Johnson’s newest flashlight, the FireSword-IV, looks a little like an art deco Olympic torch: The body is turned from a solid piece of aluminum, with fine cutting-tool marks that provide a nonslip grip. The head is turned from a larger-diameter chunk, with deeply incised fins that dissipate the heat thrown off by both the LEDs and the batteries, which are special lithium-ion rechargeables with relatively low internal resistance. The flashlight weighs just under a kilogram with batteries, and it casts a beam that’s bright even in daylight.

The roughly 9.5-watt modules that give the flashlight its power come from Cree, in Durham, N.C., one of several companies competing in the high-intensity LED market. Though residential fixtures are also available for renovations and new construction, for the most part today’s superbright LED lights go to commercial and institutional customers, for which the high cost of a single module—and the need to revamp existing lighting fixtures—is less important than LEDs’ energy savings and fantastically long life.

Going out with a FireSword-IV at night is an experience that’s not easy to describe. Streetlights and car headlights cast relatively wan beams in comparison. The only drawback to that much light right in your hand is that nearby objects may be so brightly illuminated that anything past 20 meters or so starts looking pretty dark.

There’s another, subtler drawback that doesn’t strike you until you’ve been using the light for 15 or 20 minutes: Some of those watts coursing through the LEDs are bathing your surroundings in visible photons, but plenty of them are still turning into heat. Even with those cooling fins, the head of the flashlight and the forward sections of the handle become increasingly warm to the touch. If you stroll long enough, a FireSword-IV could well become too hot to handle.

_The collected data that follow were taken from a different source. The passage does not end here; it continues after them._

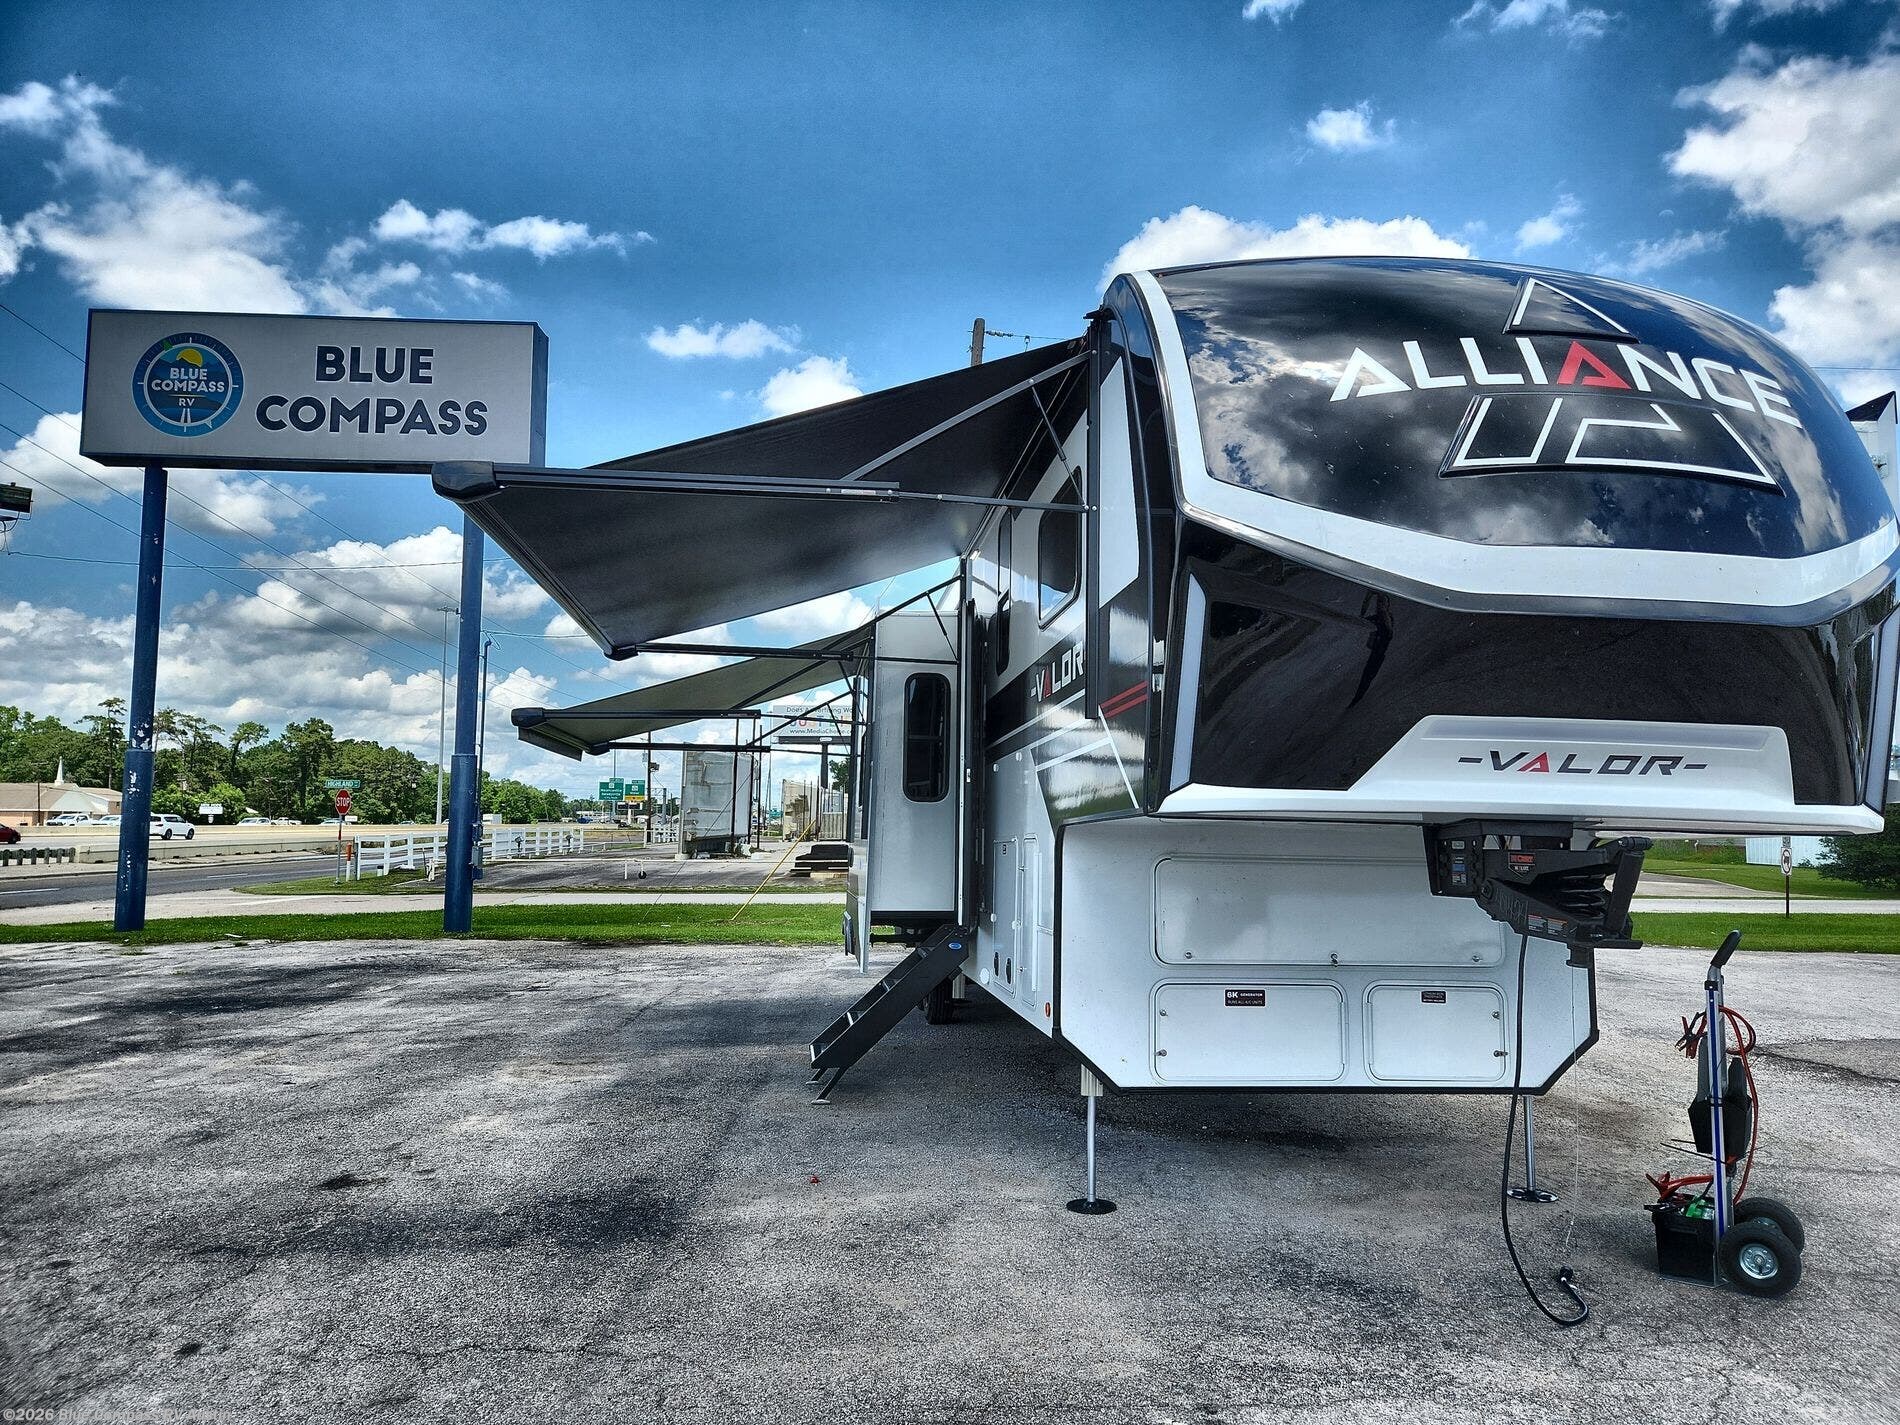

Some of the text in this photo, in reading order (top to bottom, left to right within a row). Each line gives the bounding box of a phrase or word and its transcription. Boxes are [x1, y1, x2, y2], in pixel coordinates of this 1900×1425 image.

[315, 346, 434, 384] BLUE
[170, 368, 208, 380] BLUE
[151, 380, 225, 393] COMPASS
[1330, 337, 1803, 429] ALLIANCE
[179, 398, 195, 407] RV
[256, 395, 488, 436] COMPASS
[336, 797, 350, 807] STOP

Nevertheless, the device is a triumph of lighting machismo and amply makes the point that LED illumination can, under certain conditions, vanquish incandescent or fluorescent lights [see “The LED’s Darkest Secret,” elsewhere in this issue]. And for someone who regularly needs enormous light output in a tiny, cordless package, slightly dimmer Maglite replacement heads are available that might end up costing about the same as less outré rechargeable work lights.